WORK REQUIRED »
Give the records again in full, exactly as they appear, but without the pictures.
:: DATASET EXTRACT
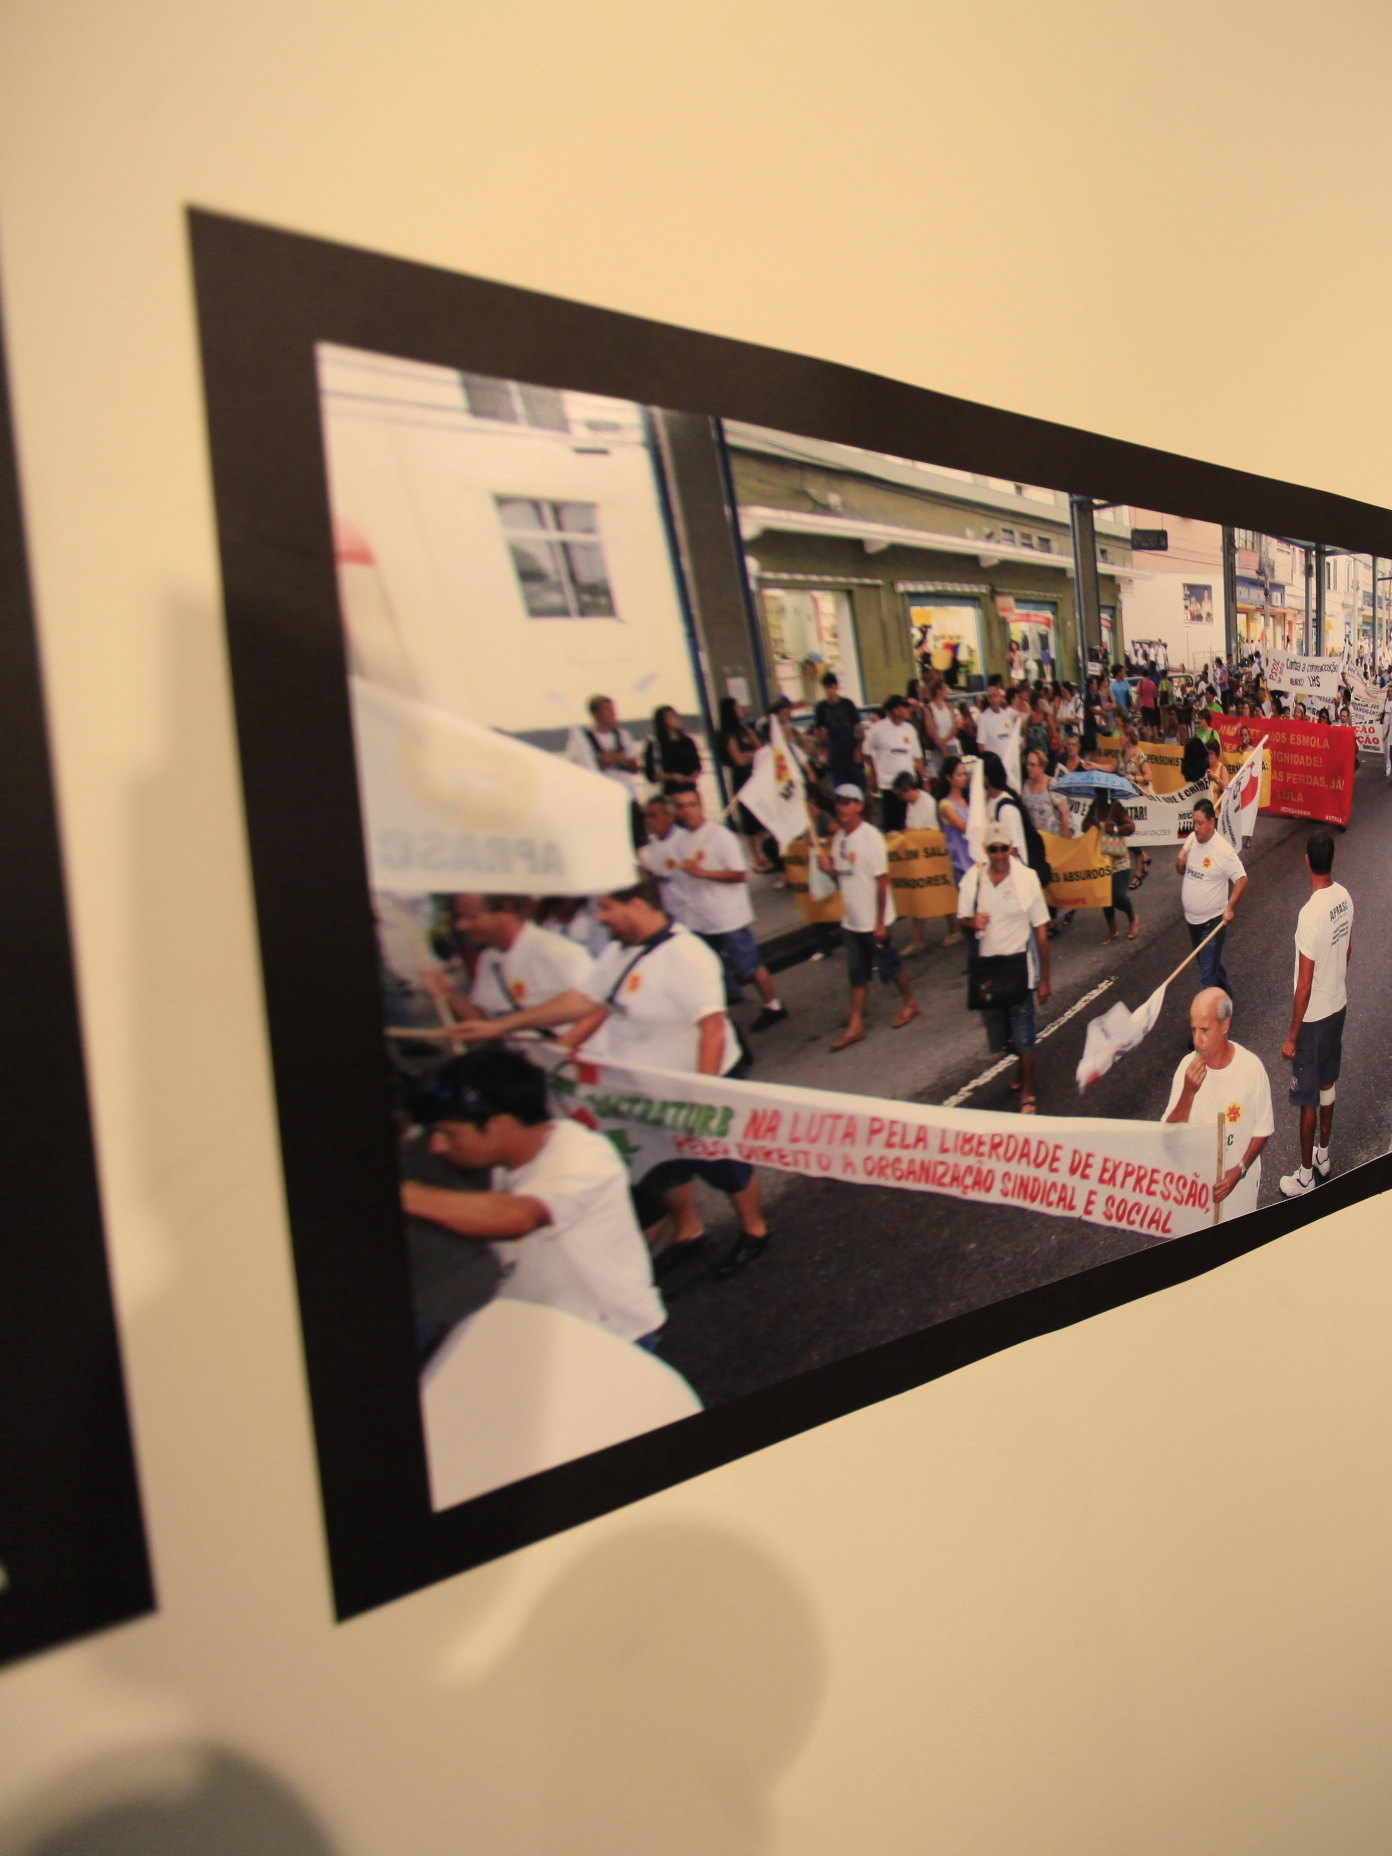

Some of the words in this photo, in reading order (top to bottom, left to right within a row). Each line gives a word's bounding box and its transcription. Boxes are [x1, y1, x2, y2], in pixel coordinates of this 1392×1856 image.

[1269, 658, 1281, 681] PSOL
[1290, 733, 1330, 750] ESMOLA
[1062, 865, 1112, 882] ABSURDOS
[743, 1108, 782, 1141] NA
[788, 1112, 858, 1146] LUTA
[866, 1116, 928, 1150] PELA
[939, 1127, 1064, 1173] LIBERDADE
[1068, 1148, 1096, 1180] DE
[1097, 1156, 1211, 1215] EXPRESSÃO,
[862, 1154, 996, 1196] ORGANIZAÇÃO
[999, 1170, 1077, 1212] SINDICAL
[1082, 1189, 1098, 1216] E
[1102, 1194, 1173, 1235] SOCIAL
::::
ANSWER SPACE »
Some of the words in this photo, in reading order (top to bottom, left to right within a row). Each line gives a word's bounding box and its transcription. Boxes are [x1, y1, x2, y2], in pixel coordinates of this 1392×1856 image.

[1269, 658, 1281, 681] PSOL
[1290, 733, 1330, 750] ESMOLA
[1062, 865, 1112, 882] ABSURDOS
[743, 1108, 782, 1141] NA
[788, 1112, 858, 1146] LUTA
[866, 1116, 928, 1150] PELA
[939, 1127, 1064, 1173] LIBERDADE
[1068, 1148, 1096, 1180] DE
[1097, 1156, 1211, 1215] EXPRESSÃO,
[862, 1154, 996, 1196] ORGANIZAÇÃO
[999, 1170, 1077, 1212] SINDICAL
[1082, 1189, 1098, 1216] E
[1102, 1194, 1173, 1235] SOCIAL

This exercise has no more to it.